DATA EXTRACT —
=== Section Start ===

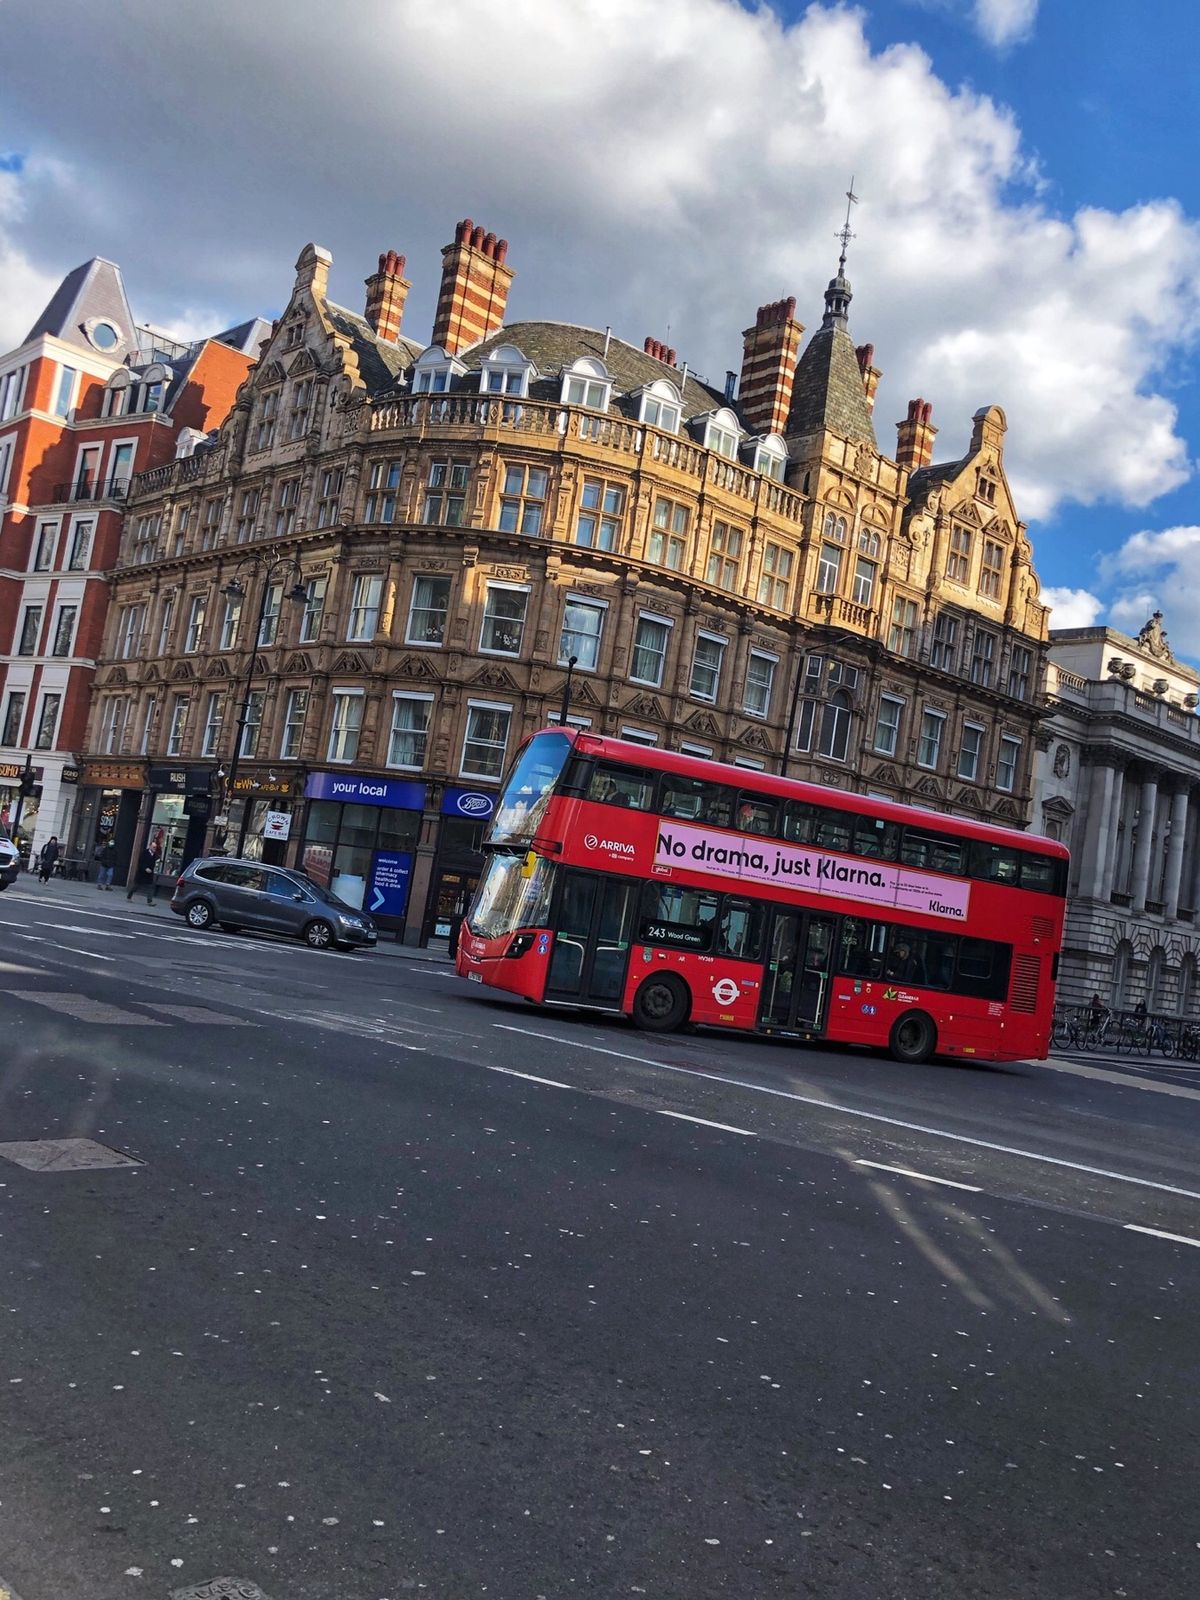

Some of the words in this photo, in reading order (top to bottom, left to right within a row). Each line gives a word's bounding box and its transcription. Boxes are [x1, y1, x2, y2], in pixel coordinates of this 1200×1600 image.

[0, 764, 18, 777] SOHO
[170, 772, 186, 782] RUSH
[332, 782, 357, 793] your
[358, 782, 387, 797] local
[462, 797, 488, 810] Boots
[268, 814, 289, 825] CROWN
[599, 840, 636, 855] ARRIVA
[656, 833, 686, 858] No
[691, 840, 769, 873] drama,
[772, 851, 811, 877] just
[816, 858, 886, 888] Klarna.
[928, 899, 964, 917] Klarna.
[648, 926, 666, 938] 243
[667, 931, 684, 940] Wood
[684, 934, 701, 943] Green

=== Section End ===

EXERCISE DETAILS — Only the pictures are dropped. Otherwise, write out the listing exactly.

RESULT FOR THIS EXERCISE —
Some of the words in this photo, in reading order (top to bottom, left to right within a row). Each line gives a word's bounding box and its transcription. Boxes are [x1, y1, x2, y2], in pixel coordinates of this 1200×1600 image.

[0, 764, 18, 777] SOHO
[170, 772, 186, 782] RUSH
[332, 782, 357, 793] your
[358, 782, 387, 797] local
[462, 797, 488, 810] Boots
[268, 814, 289, 825] CROWN
[599, 840, 636, 855] ARRIVA
[656, 833, 686, 858] No
[691, 840, 769, 873] drama,
[772, 851, 811, 877] just
[816, 858, 886, 888] Klarna.
[928, 899, 964, 917] Klarna.
[648, 926, 666, 938] 243
[667, 931, 684, 940] Wood
[684, 934, 701, 943] Green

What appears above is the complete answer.